▶ _DATA IN THIS EXERCISE_:
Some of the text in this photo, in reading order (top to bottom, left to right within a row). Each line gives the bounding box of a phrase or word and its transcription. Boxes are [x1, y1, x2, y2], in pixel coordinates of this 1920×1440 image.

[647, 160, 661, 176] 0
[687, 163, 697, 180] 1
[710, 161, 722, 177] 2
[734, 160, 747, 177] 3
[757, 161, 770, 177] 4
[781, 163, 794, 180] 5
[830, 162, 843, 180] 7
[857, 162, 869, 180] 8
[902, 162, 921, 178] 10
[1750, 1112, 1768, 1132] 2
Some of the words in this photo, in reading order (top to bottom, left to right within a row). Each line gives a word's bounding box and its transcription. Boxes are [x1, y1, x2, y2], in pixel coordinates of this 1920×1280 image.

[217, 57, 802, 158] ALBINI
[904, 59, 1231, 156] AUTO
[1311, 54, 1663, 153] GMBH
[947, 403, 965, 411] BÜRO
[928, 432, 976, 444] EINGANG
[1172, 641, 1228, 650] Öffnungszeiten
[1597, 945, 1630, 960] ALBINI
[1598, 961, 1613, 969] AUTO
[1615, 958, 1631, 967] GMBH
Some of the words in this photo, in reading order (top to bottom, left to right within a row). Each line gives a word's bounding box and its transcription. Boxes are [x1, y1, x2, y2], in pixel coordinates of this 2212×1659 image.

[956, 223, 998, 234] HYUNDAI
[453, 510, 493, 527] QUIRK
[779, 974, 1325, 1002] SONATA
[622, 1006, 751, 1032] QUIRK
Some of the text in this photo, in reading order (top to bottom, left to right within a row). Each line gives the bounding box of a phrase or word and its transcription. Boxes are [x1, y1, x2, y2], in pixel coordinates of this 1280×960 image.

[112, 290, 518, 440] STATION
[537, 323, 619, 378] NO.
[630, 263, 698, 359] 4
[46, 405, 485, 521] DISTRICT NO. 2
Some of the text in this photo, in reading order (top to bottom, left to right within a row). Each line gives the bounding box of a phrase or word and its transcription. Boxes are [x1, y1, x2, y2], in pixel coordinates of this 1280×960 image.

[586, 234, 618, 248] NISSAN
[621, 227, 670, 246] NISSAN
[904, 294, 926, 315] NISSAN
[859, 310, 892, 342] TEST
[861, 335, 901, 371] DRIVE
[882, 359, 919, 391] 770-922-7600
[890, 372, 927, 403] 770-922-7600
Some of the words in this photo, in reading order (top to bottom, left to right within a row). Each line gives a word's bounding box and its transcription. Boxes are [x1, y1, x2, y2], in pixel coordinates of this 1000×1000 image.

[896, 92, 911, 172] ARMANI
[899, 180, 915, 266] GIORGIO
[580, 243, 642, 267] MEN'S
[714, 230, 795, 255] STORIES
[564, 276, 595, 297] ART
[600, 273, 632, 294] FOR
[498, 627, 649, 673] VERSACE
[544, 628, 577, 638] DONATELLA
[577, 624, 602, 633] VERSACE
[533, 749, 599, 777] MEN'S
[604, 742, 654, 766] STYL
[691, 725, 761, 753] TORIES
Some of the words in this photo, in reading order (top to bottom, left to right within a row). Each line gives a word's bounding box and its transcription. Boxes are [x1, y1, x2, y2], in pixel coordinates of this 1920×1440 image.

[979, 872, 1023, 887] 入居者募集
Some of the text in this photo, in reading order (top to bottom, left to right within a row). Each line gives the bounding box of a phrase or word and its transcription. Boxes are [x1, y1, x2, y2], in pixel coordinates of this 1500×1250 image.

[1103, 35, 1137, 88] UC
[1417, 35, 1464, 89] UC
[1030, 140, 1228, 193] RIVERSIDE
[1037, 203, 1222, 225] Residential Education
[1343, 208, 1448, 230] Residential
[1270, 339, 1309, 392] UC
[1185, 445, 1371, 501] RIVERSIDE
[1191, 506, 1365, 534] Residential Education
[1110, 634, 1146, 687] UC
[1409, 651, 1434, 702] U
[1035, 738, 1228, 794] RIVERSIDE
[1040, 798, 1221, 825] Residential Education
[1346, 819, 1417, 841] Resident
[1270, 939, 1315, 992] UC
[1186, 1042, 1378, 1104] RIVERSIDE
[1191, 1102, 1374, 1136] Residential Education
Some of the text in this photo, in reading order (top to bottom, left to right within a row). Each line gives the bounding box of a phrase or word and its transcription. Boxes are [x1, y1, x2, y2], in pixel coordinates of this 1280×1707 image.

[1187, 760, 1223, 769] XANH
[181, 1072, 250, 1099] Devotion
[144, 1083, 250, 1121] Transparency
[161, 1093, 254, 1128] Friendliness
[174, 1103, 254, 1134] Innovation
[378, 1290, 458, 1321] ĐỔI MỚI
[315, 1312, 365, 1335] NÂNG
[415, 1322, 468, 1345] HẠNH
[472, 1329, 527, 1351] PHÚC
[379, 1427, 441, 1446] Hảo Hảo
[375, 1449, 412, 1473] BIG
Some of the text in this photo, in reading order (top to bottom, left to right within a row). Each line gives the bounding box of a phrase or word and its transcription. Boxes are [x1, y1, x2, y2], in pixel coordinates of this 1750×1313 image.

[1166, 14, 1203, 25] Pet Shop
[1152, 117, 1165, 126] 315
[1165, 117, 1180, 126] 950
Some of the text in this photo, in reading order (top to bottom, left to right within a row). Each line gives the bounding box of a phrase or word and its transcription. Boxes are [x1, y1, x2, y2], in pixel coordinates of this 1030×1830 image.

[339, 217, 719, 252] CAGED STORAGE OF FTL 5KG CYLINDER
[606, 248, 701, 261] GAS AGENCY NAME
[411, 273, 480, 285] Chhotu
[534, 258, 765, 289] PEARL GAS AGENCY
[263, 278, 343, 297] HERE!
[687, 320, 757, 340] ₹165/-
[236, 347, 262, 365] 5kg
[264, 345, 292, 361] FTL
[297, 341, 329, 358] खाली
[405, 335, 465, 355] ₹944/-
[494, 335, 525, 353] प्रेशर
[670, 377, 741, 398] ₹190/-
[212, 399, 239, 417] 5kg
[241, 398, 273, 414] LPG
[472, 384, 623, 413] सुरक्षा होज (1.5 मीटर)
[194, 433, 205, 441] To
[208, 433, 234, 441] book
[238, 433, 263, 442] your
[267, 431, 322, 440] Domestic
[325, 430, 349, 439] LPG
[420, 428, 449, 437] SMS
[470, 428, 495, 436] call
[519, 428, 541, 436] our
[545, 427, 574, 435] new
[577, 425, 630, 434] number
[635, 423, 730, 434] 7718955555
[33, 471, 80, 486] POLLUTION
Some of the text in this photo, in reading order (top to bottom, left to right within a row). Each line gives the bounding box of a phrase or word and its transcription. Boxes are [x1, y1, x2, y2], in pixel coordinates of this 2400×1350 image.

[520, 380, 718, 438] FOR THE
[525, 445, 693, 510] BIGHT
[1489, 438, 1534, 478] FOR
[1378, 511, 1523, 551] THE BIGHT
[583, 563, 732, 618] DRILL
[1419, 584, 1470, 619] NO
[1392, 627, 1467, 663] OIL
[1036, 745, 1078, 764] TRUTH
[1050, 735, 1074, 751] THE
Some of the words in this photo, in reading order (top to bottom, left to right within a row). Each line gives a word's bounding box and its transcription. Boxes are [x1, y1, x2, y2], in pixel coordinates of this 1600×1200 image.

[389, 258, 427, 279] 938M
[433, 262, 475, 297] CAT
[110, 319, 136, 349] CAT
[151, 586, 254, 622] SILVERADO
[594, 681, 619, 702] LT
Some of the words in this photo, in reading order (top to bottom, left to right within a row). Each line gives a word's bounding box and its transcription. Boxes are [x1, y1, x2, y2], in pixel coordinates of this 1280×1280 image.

▶ _WORK ITEM_: Retype every record exactly, omitting nothing.

▶ _EXERCISE OUTPUT_:
Some of the text in this photo, in reading order (top to bottom, left to right within a row). Each line gives the bounding box of a phrase or word and its transcription. Boxes are [x1, y1, x2, y2], in pixel coordinates of this 1920×1440 image.

[647, 160, 661, 176] 0
[687, 163, 697, 180] 1
[710, 161, 722, 177] 2
[734, 160, 747, 177] 3
[757, 161, 770, 177] 4
[781, 163, 794, 180] 5
[830, 162, 843, 180] 7
[857, 162, 869, 180] 8
[902, 162, 921, 178] 10
[1750, 1112, 1768, 1132] 2
Some of the words in this photo, in reading order (top to bottom, left to right within a row). Each line gives a word's bounding box and its transcription. Boxes are [x1, y1, x2, y2], in pixel coordinates of this 1920×1280 image.

[217, 57, 802, 158] ALBINI
[904, 59, 1231, 156] AUTO
[1311, 54, 1663, 153] GMBH
[947, 403, 965, 411] BÜRO
[928, 432, 976, 444] EINGANG
[1172, 641, 1228, 650] Öffnungszeiten
[1597, 945, 1630, 960] ALBINI
[1598, 961, 1613, 969] AUTO
[1615, 958, 1631, 967] GMBH
Some of the words in this photo, in reading order (top to bottom, left to right within a row). Each line gives a word's bounding box and its transcription. Boxes are [x1, y1, x2, y2], in pixel coordinates of this 2212×1659 image.

[956, 223, 998, 234] HYUNDAI
[453, 510, 493, 527] QUIRK
[779, 974, 1325, 1002] SONATA
[622, 1006, 751, 1032] QUIRK
Some of the text in this photo, in reading order (top to bottom, left to right within a row). Each line gives the bounding box of a phrase or word and its transcription. Boxes are [x1, y1, x2, y2], in pixel coordinates of this 1280×960 image.

[112, 290, 518, 440] STATION
[537, 323, 619, 378] NO.
[630, 263, 698, 359] 4
[46, 405, 485, 521] DISTRICT NO. 2
Some of the text in this photo, in reading order (top to bottom, left to right within a row). Each line gives the bounding box of a phrase or word and its transcription. Boxes are [x1, y1, x2, y2], in pixel coordinates of this 1280×960 image.

[586, 234, 618, 248] NISSAN
[621, 227, 670, 246] NISSAN
[904, 294, 926, 315] NISSAN
[859, 310, 892, 342] TEST
[861, 335, 901, 371] DRIVE
[882, 359, 919, 391] 770-922-7600
[890, 372, 927, 403] 770-922-7600
Some of the words in this photo, in reading order (top to bottom, left to right within a row). Each line gives a word's bounding box and its transcription. Boxes are [x1, y1, x2, y2], in pixel coordinates of this 1000×1000 image.

[896, 92, 911, 172] ARMANI
[899, 180, 915, 266] GIORGIO
[580, 243, 642, 267] MEN'S
[714, 230, 795, 255] STORIES
[564, 276, 595, 297] ART
[600, 273, 632, 294] FOR
[498, 627, 649, 673] VERSACE
[544, 628, 577, 638] DONATELLA
[577, 624, 602, 633] VERSACE
[533, 749, 599, 777] MEN'S
[604, 742, 654, 766] STYL
[691, 725, 761, 753] TORIES
Some of the words in this photo, in reading order (top to bottom, left to right within a row). Each line gives a word's bounding box and its transcription. Boxes are [x1, y1, x2, y2], in pixel coordinates of this 1920×1440 image.

[979, 872, 1023, 887] 入居者募集
Some of the text in this photo, in reading order (top to bottom, left to right within a row). Each line gives the bounding box of a phrase or word and its transcription. Boxes are [x1, y1, x2, y2], in pixel coordinates of this 1500×1250 image.

[1103, 35, 1137, 88] UC
[1417, 35, 1464, 89] UC
[1030, 140, 1228, 193] RIVERSIDE
[1037, 203, 1222, 225] Residential Education
[1343, 208, 1448, 230] Residential
[1270, 339, 1309, 392] UC
[1185, 445, 1371, 501] RIVERSIDE
[1191, 506, 1365, 534] Residential Education
[1110, 634, 1146, 687] UC
[1409, 651, 1434, 702] U
[1035, 738, 1228, 794] RIVERSIDE
[1040, 798, 1221, 825] Residential Education
[1346, 819, 1417, 841] Resident
[1270, 939, 1315, 992] UC
[1186, 1042, 1378, 1104] RIVERSIDE
[1191, 1102, 1374, 1136] Residential Education
Some of the text in this photo, in reading order (top to bottom, left to right within a row). Each line gives the bounding box of a phrase or word and its transcription. Boxes are [x1, y1, x2, y2], in pixel coordinates of this 1280×1707 image.

[1187, 760, 1223, 769] XANH
[181, 1072, 250, 1099] Devotion
[144, 1083, 250, 1121] Transparency
[161, 1093, 254, 1128] Friendliness
[174, 1103, 254, 1134] Innovation
[378, 1290, 458, 1321] ĐỔI MỚI
[315, 1312, 365, 1335] NÂNG
[415, 1322, 468, 1345] HẠNH
[472, 1329, 527, 1351] PHÚC
[379, 1427, 441, 1446] Hảo Hảo
[375, 1449, 412, 1473] BIG
Some of the text in this photo, in reading order (top to bottom, left to right within a row). Each line gives the bounding box of a phrase or word and its transcription. Boxes are [x1, y1, x2, y2], in pixel coordinates of this 1750×1313 image.

[1166, 14, 1203, 25] Pet Shop
[1152, 117, 1165, 126] 315
[1165, 117, 1180, 126] 950
Some of the text in this photo, in reading order (top to bottom, left to right within a row). Each line gives the bounding box of a phrase or word and its transcription. Boxes are [x1, y1, x2, y2], in pixel coordinates of this 1030×1830 image.

[339, 217, 719, 252] CAGED STORAGE OF FTL 5KG CYLINDER
[606, 248, 701, 261] GAS AGENCY NAME
[411, 273, 480, 285] Chhotu
[534, 258, 765, 289] PEARL GAS AGENCY
[263, 278, 343, 297] HERE!
[687, 320, 757, 340] ₹165/-
[236, 347, 262, 365] 5kg
[264, 345, 292, 361] FTL
[297, 341, 329, 358] खाली
[405, 335, 465, 355] ₹944/-
[494, 335, 525, 353] प्रेशर
[670, 377, 741, 398] ₹190/-
[212, 399, 239, 417] 5kg
[241, 398, 273, 414] LPG
[472, 384, 623, 413] सुरक्षा होज (1.5 मीटर)
[194, 433, 205, 441] To
[208, 433, 234, 441] book
[238, 433, 263, 442] your
[267, 431, 322, 440] Domestic
[325, 430, 349, 439] LPG
[420, 428, 449, 437] SMS
[470, 428, 495, 436] call
[519, 428, 541, 436] our
[545, 427, 574, 435] new
[577, 425, 630, 434] number
[635, 423, 730, 434] 7718955555
[33, 471, 80, 486] POLLUTION
Some of the text in this photo, in reading order (top to bottom, left to right within a row). Each line gives the bounding box of a phrase or word and its transcription. Boxes are [x1, y1, x2, y2], in pixel coordinates of this 2400×1350 image.

[520, 380, 718, 438] FOR THE
[525, 445, 693, 510] BIGHT
[1489, 438, 1534, 478] FOR
[1378, 511, 1523, 551] THE BIGHT
[583, 563, 732, 618] DRILL
[1419, 584, 1470, 619] NO
[1392, 627, 1467, 663] OIL
[1036, 745, 1078, 764] TRUTH
[1050, 735, 1074, 751] THE
Some of the words in this photo, in reading order (top to bottom, left to right within a row). Each line gives a word's bounding box and its transcription. Boxes are [x1, y1, x2, y2], in pixel coordinates of this 1600×1200 image.

[389, 258, 427, 279] 938M
[433, 262, 475, 297] CAT
[110, 319, 136, 349] CAT
[151, 586, 254, 622] SILVERADO
[594, 681, 619, 702] LT
Some of the words in this photo, in reading order (top to bottom, left to right within a row). Each line gives a word's bounding box and its transcription. Boxes are [x1, y1, x2, y2], in pixel coordinates of this 1280×1280 image.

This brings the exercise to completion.